KAIST researchers teach robots human judgment using short videos

by Park Sae-jin Posted : June 10, 2026, 10:54Updated : June 10, 2026, 10:54
From left Professor Yoo Chang-dong doctoral student and first author Luu Minh Tung in the center back and masters student and second author Kim Hwan-hee in the front right Courtesy of KAIST
From left: Professor Yoo Chang-dong, doctoral student and first author Luu Minh Tung in the center back, and master's student and second author Kim Hwan-hee in the front right. Courtesy of KAIST

SEOUL, June 10 (AJP) - Researchers in South Korea have built an artificial intelligence system that allows robots and self-driving cars to figure out human intentions just by watching a handful of videos. The new method heavily cuts down the amount of data needed to train these machines, the Korea Advanced Institute of Science and Technology said Wednesday.

A research team led by Professor Yoo Chang-dong at the Korea Advanced Institute of Science and Technology (KAIST)'s electrical engineering department designed the framework, called Video-based Optimal TransPort Preference (VOTP). The technology lets smart machines learn how to make the right choices without needing a person to manually grade thousands of different actions.

Instead of relying on massive datasets, the method only requires someone to provide about 10 short video clips showing both good and bad ways to complete a task. The system then uses a mathematical method called optimal transport to track tiny differences in movement. From there, it automatically guesses what humans would prefer in thousands of other situations, setting up virtual rewards to steer the machine.

This setup mimics how people learn to do new things by simply watching a few examples. Physical AI systems, like factory robots, self-driving cars, and medical equipment, need strict guidelines to choose the safest actions in complicated environments.
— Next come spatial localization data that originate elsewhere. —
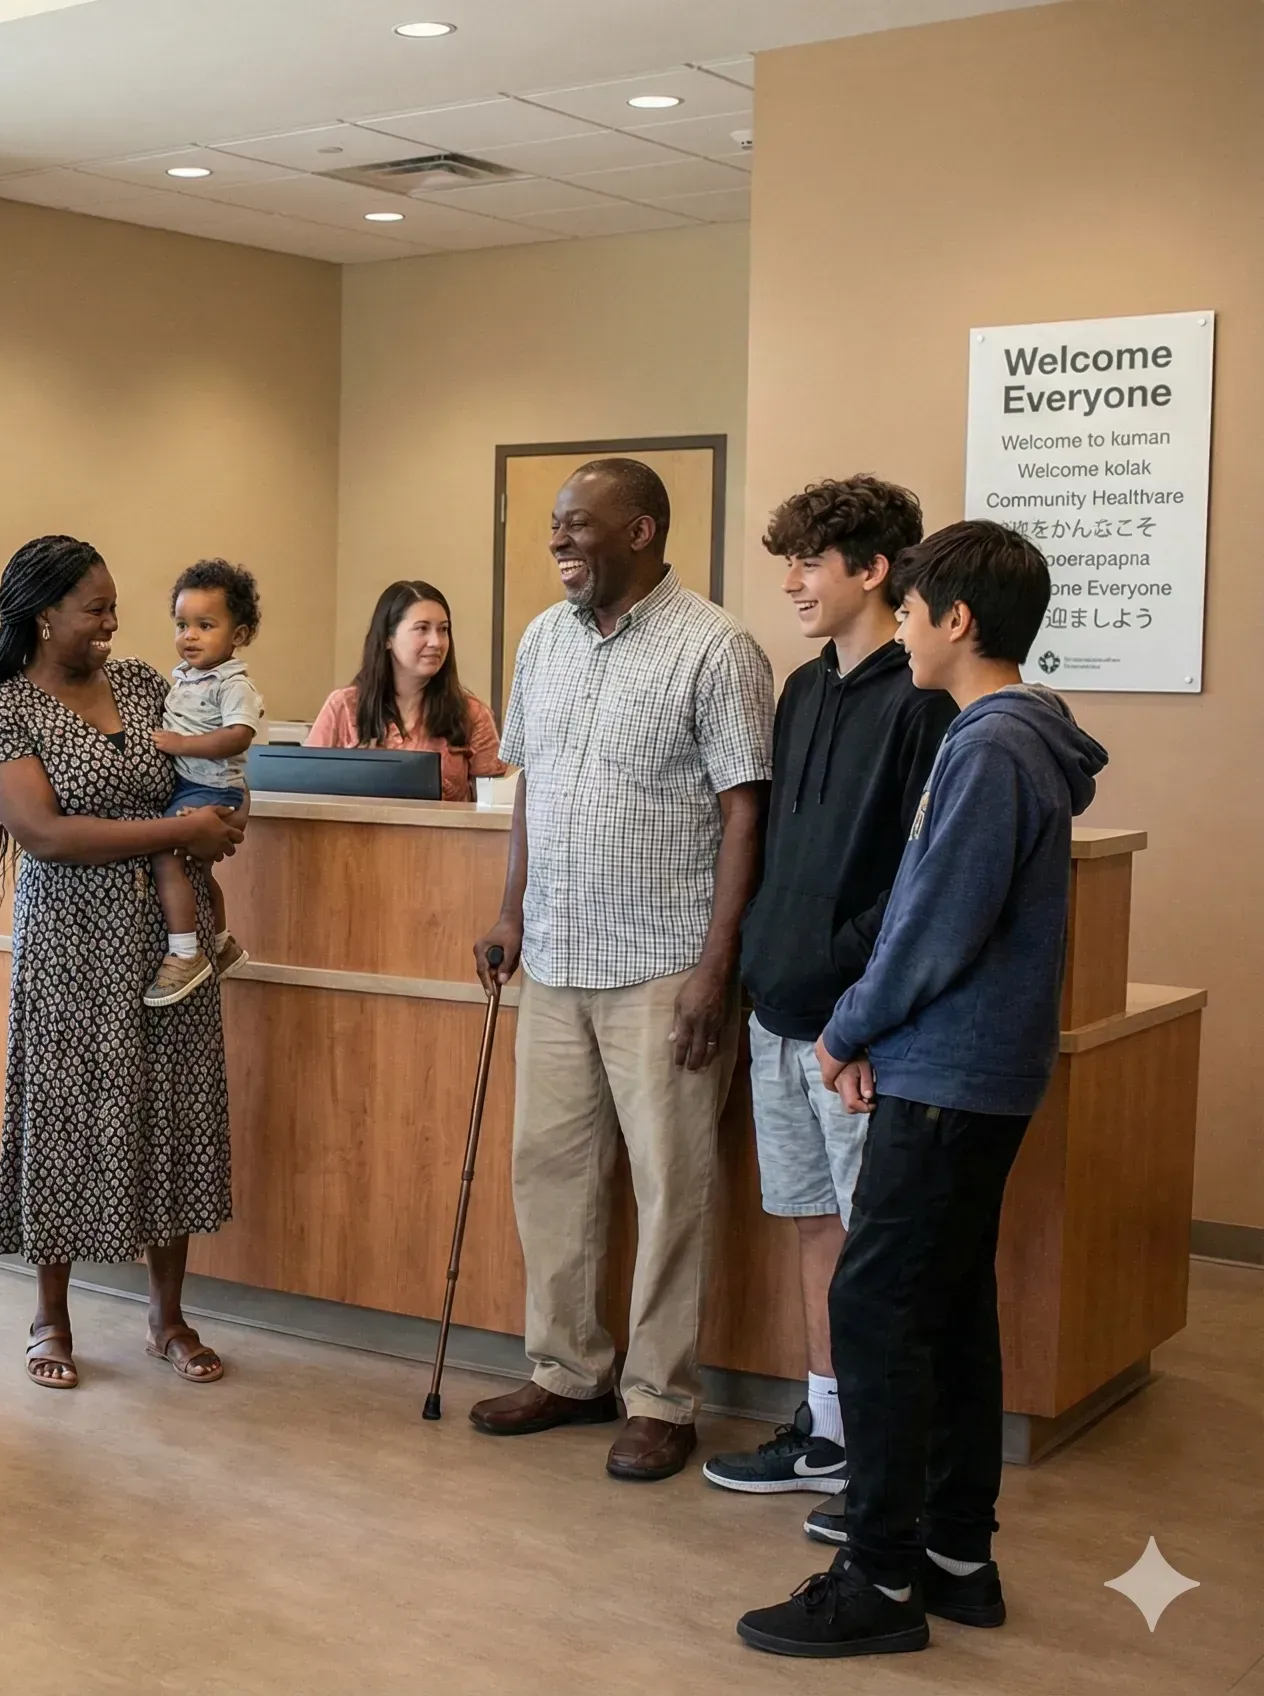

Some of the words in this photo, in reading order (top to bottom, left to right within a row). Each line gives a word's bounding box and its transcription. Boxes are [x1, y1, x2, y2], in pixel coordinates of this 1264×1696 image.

[1004, 345, 1172, 376] Welcome
[1004, 384, 1172, 416] Everyone
[1002, 435, 1082, 450] Welcome
[1088, 434, 1105, 447] to
[1112, 431, 1170, 446] kuman
[1018, 463, 1098, 478] Welcome
[1105, 460, 1151, 476] kolak
[987, 491, 1086, 510] Community
[1088, 580, 1172, 599] Everyone
Until now, creating those guidelines meant having workers spend countless hours evaluating robot behaviors one by one.

Some developers previously tried using text-based language models to speed up this grading process, but trying to describe highly specific mechanical movements with words often failed. The research team noted that their video-based approach works well for robotic arms, humanoid robots, drones, and software that controls computer screens.

The study was picked for an oral presentation at the International Conference on Machine Learning (ICML) 2026, which will take place in Seoul in July 2026. The paper, authored by Tung Minh Luu, Kim Hwan-hee, Lee Young-hwan, and Chang D. Yoo (Yoo Chang-dong), ranked in the top 0.7 percent of the 23,918 submissions the conference received.

"The core of physical AI is making machines understand human intent and select the correct actions," Yoo said. "VOTP can learn human judgment criteria from a small number of videos, and it is a core technology that will advance the era of robots making human-like judgments."